--- START ---

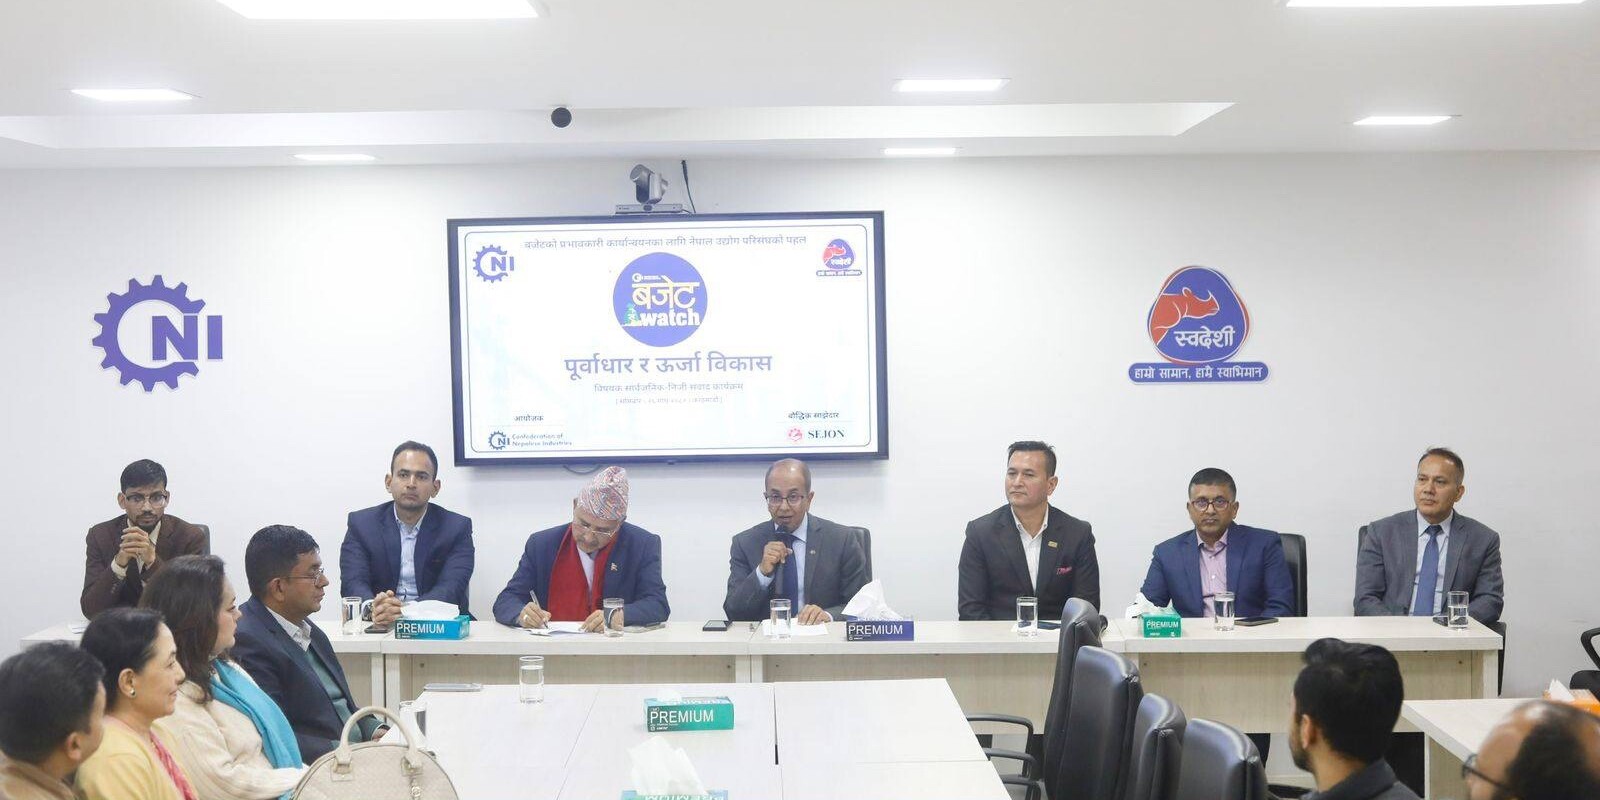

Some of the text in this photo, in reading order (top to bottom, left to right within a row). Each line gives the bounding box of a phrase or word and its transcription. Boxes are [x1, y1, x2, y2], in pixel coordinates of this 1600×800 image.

[560, 237, 603, 249] प्रभावकारी
[665, 235, 686, 246] लागि
[688, 236, 713, 246] नेपाल
[716, 236, 740, 246] उद्योग
[787, 235, 807, 244] पहल
[632, 274, 700, 310] बजेट
[640, 307, 701, 327] watch
[1174, 325, 1235, 350] स्वदेशी
[564, 350, 773, 381] पूर्वाधार र ऊर्जा विकास
[1134, 366, 1156, 379] हाम्रो
[1217, 365, 1263, 378] स्वाभिमान
[513, 413, 545, 422] आयोजक
[807, 429, 845, 439] SEJON
[396, 623, 445, 634] PREMIUM
[848, 624, 903, 635] PREMIUM
[1146, 620, 1179, 629] PREMIUM
[650, 709, 714, 724] PREMIUM
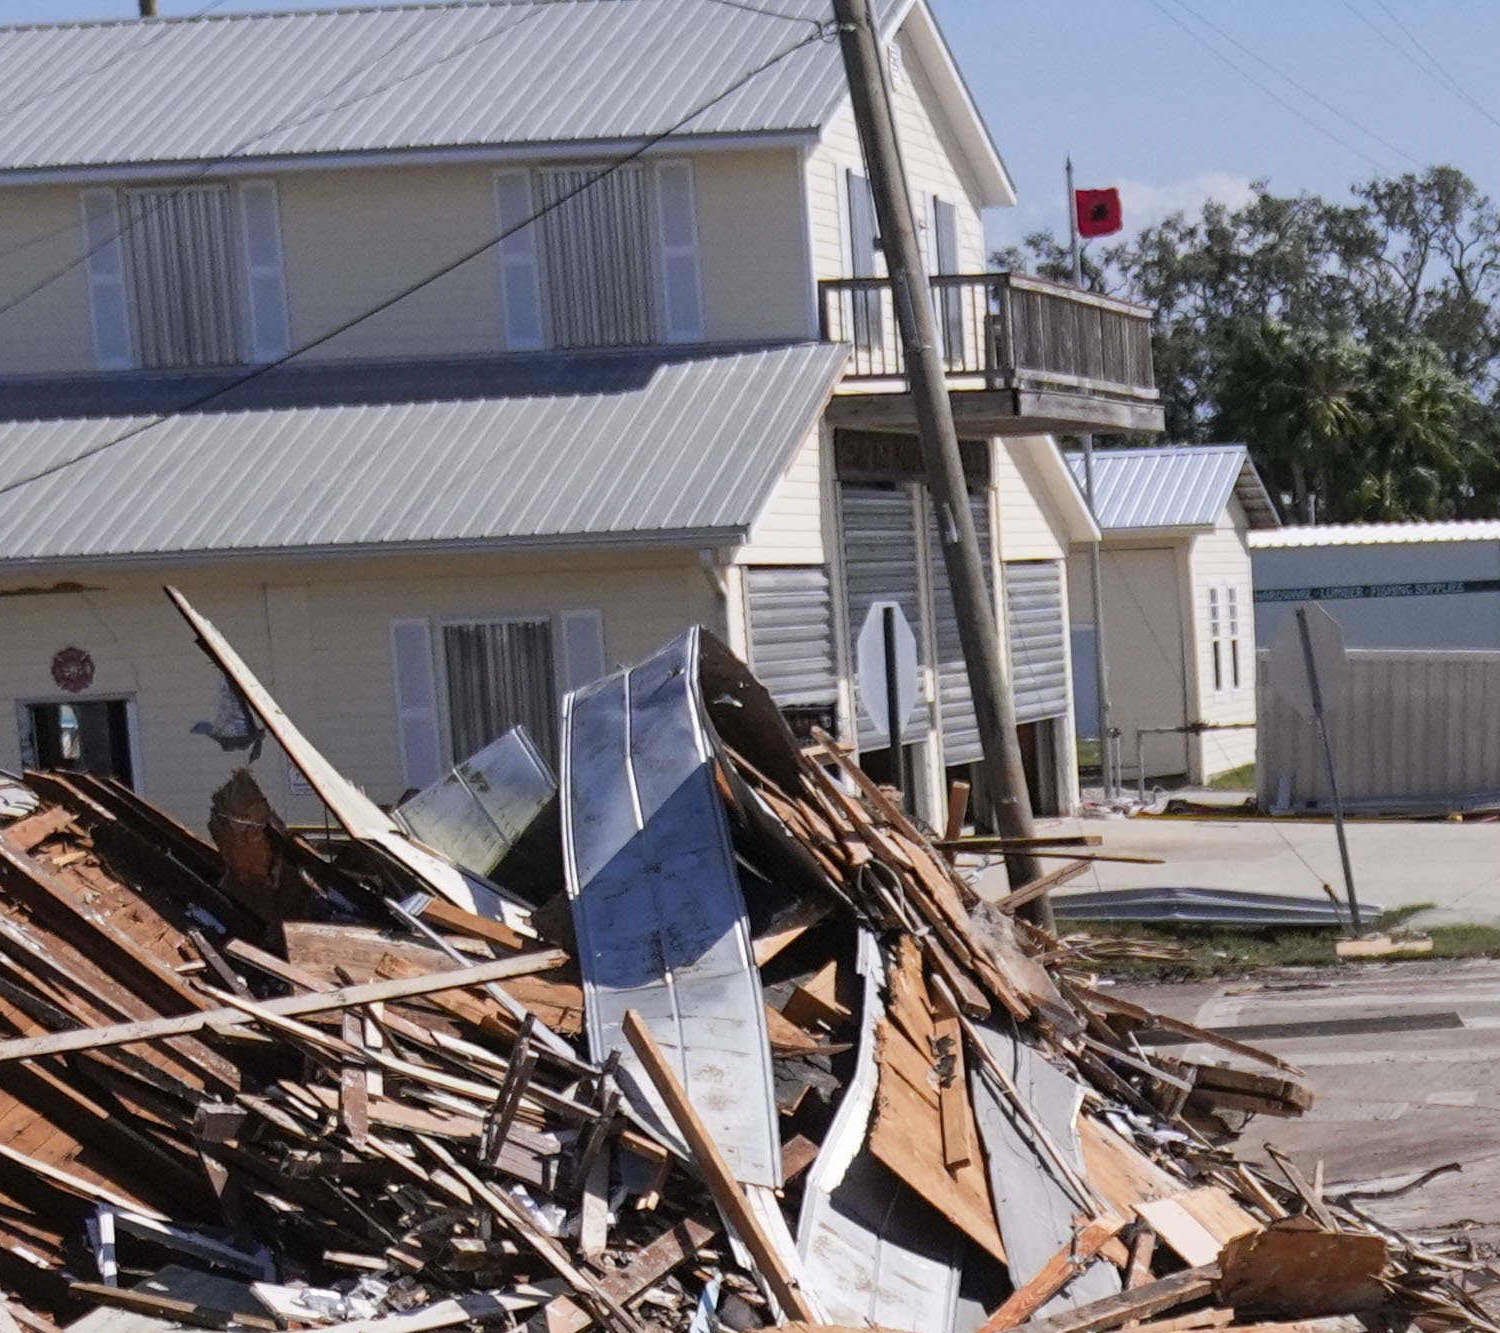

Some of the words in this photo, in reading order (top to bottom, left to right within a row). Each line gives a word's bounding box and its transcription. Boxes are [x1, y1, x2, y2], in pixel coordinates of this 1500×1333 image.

[1321, 587, 1365, 598] LUMBER
[1372, 585, 1412, 597] FISHING
[1414, 582, 1466, 595] SUPPLIES
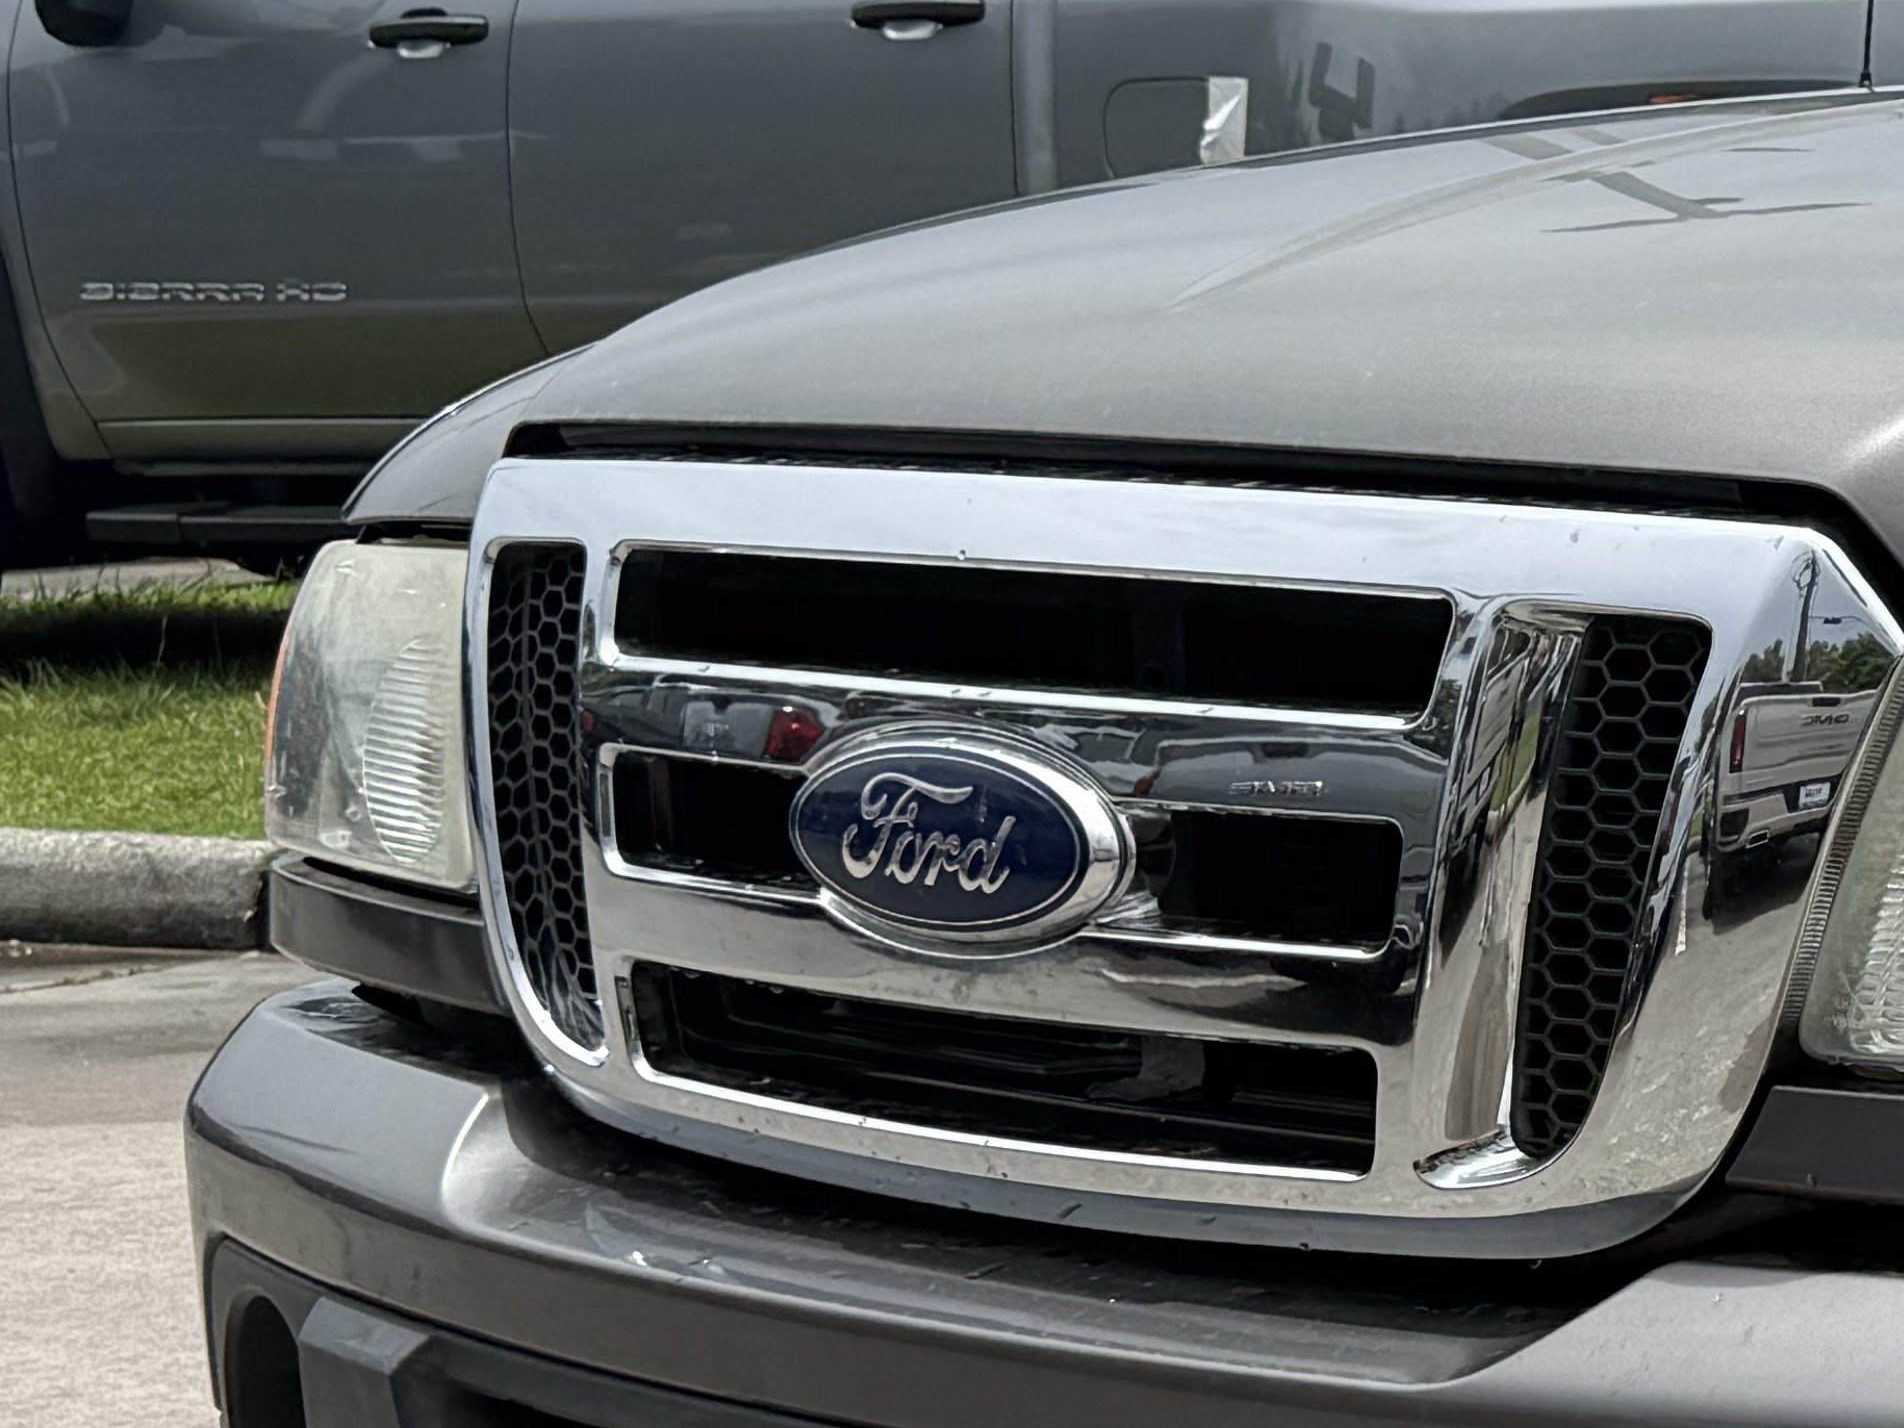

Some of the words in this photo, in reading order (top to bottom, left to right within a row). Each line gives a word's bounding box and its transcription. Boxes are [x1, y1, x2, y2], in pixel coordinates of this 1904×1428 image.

[80, 282, 264, 301] SIERRA
[276, 282, 347, 301] HD
[842, 772, 1016, 894] Ford

--- END ---

**Directions**
The entries should be reproduced word for word, pictures omitted.

**Solution to this problem**
Some of the text in this photo, in reading order (top to bottom, left to right within a row). Each line gives the bounding box of a phrase or word and its transcription. Boxes are [x1, y1, x2, y2], in pixel coordinates of this 1600×800 image.

[560, 237, 603, 249] प्रभावकारी
[665, 235, 686, 246] लागि
[688, 236, 713, 246] नेपाल
[716, 236, 740, 246] उद्योग
[787, 235, 807, 244] पहल
[632, 274, 700, 310] बजेट
[640, 307, 701, 327] watch
[1174, 325, 1235, 350] स्वदेशी
[564, 350, 773, 381] पूर्वाधार र ऊर्जा विकास
[1134, 366, 1156, 379] हाम्रो
[1217, 365, 1263, 378] स्वाभिमान
[513, 413, 545, 422] आयोजक
[807, 429, 845, 439] SEJON
[396, 623, 445, 634] PREMIUM
[848, 624, 903, 635] PREMIUM
[1146, 620, 1179, 629] PREMIUM
[650, 709, 714, 724] PREMIUM

Some of the words in this photo, in reading order (top to bottom, left to right within a row). Each line gives a word's bounding box and its transcription. Boxes are [x1, y1, x2, y2], in pixel coordinates of this 1500×1333 image.

[1321, 587, 1365, 598] LUMBER
[1372, 585, 1412, 597] FISHING
[1414, 582, 1466, 595] SUPPLIES

Some of the words in this photo, in reading order (top to bottom, left to right within a row). Each line gives a word's bounding box and its transcription. Boxes are [x1, y1, x2, y2], in pixel coordinates of this 1904×1428 image.

[80, 282, 264, 301] SIERRA
[276, 282, 347, 301] HD
[842, 772, 1016, 894] Ford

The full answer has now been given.